School of Traffic &Transportation Engineering, Central South University, Changsha, 410075, China; Department of Systems Engineering and Engineering Management, City University of Hong Kong, Hong Kong, 99907, China.
Department of Civil Engineering, The University of Hong Kong, Pokfulam Road, Hong Kong, 999077, China.
Accid Anal Prev. 2019 Oct;131:316-326. doi: 10.1016/j.aap.2019.07.012. Epub 2019 Jul 25.

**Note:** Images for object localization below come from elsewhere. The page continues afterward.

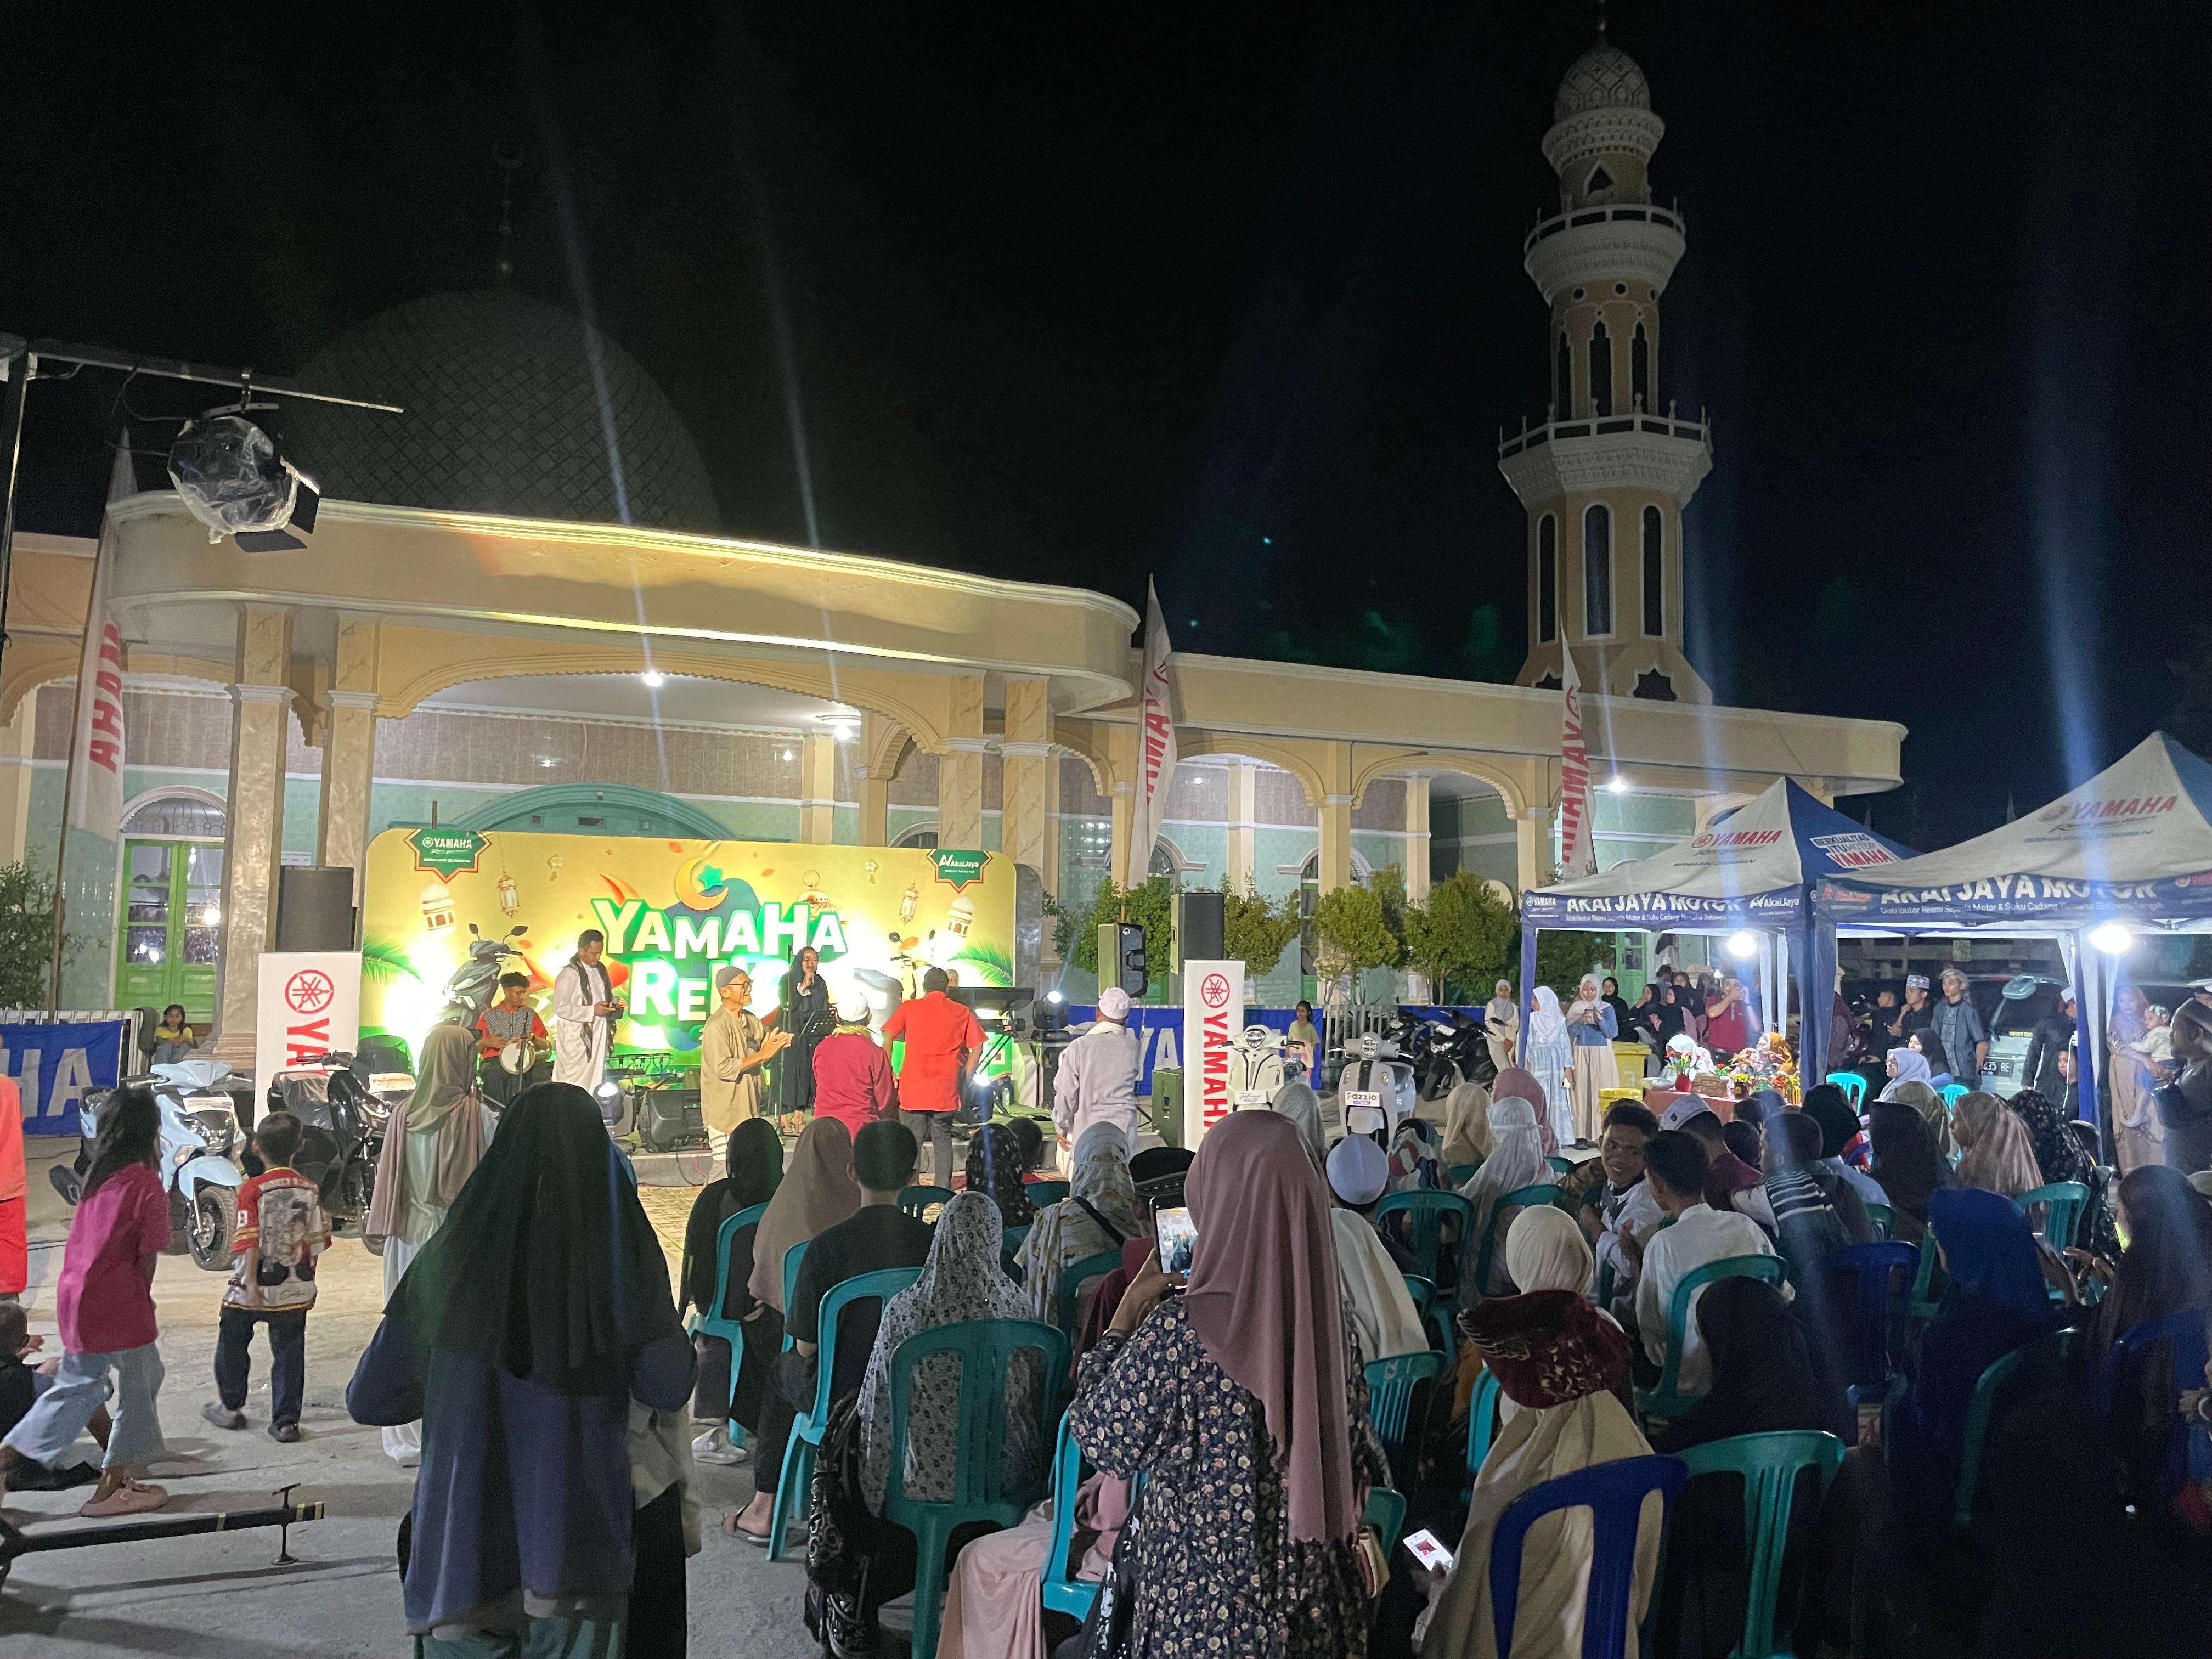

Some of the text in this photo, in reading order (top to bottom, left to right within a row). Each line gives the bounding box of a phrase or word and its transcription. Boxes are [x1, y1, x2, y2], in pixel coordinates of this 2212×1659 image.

[2072, 795, 2178, 819] YAMAHA
[435, 838, 472, 849] YAMAHA
[1711, 830, 1783, 846] YAMAHA
[1814, 834, 1870, 846] BERKUALITAS
[1830, 849, 1894, 866] YAMAHA
[1956, 874, 2036, 901] JAYA
[1534, 897, 1557, 906] YAMAHA
[1567, 898, 1611, 912] AKAI
[1615, 894, 1666, 912] JAYA
[591, 900, 847, 960] YAMAHA
[1203, 1011, 1228, 1127] YAMAH
[1347, 1092, 1376, 1101] Fazzio

Due to the wide existence of heterogeneous nature in traffic safety data, traditional methods used to investigate motorcyclist rider injury severity always lead to masking of some underlying relationships which may be critical for the formulation of efficient safety countermeasures. Instead of applying one single model to the whole dataset or focusing on pre-defined crash types as done in previous studies, the present study proposes a two-step method integrating latent class cluster analysis and random parameters logit model to explore contributing factors influencing the injury levels of motorcyclists. A latent class cluster approach is first used to segment the motorcycle crashes into relatively homogeneous clusters. A mixed logit model is then elaborately developed for each cluster to identify its unique influential factors. The analysis was based on the police-reported crash dataset (2015-2017) of Hunan province, China. The goodness-of-fit indicators and the Receiver Operating Characteristic curves show that the proposed method is more accurate when modeling the riders' injury severities. The heterogeneity found in each homogeneous subgroup supports the application of the random parameters logit model in the study. More importantly, the results demonstrate that segmenting motorcycle crashes into relatively homogeneous clusters as a preliminary step helps to uncover some important influencing factors hidden in the whole-data model. The proposed method is proved to have great potential for accounting for the source of heterogeneity. The injury risk factors identified in specific cases provide more reliable information for traffic engineers and policymakers to improve motorcycle traffic safety.
由于交通安全数据中存在广泛的异质性,传统的方法用于研究摩托车骑手伤害严重程度总是导致一些潜在关系的掩盖,这些关系可能对制定有效的安全对策至关重要。与以往的研究中对整个数据集应用单一模型或专注于预定义的碰撞类型不同,本研究提出了一种两步法,将潜在类别聚类分析和随机参数对数模型相结合,以探索影响摩托车手伤害水平的因素。首先使用潜在类别聚类方法将摩托车碰撞事故划分为相对同质的聚类。然后为每个聚类精心开发混合对数模型,以确定其独特的影响因素。该分析基于中国湖南省的警方报告的碰撞事故数据集(2015-2017 年)。拟合优度指标和接收者操作特征曲线表明,该方法在对骑手伤害严重程度进行建模时更为准确。在每个同质亚组中发现的异质性支持在研究中应用随机参数对数模型。更重要的是,结果表明,将摩托车碰撞事故划分为相对同质的聚类作为初步步骤有助于揭示整体数据模型中隐藏的一些重要影响因素。该方法被证明具有很好的解释异质性来源的潜力。在特定情况下确定的伤害风险因素为交通工程师和政策制定者提供了更可靠的信息,以改善摩托车交通安全。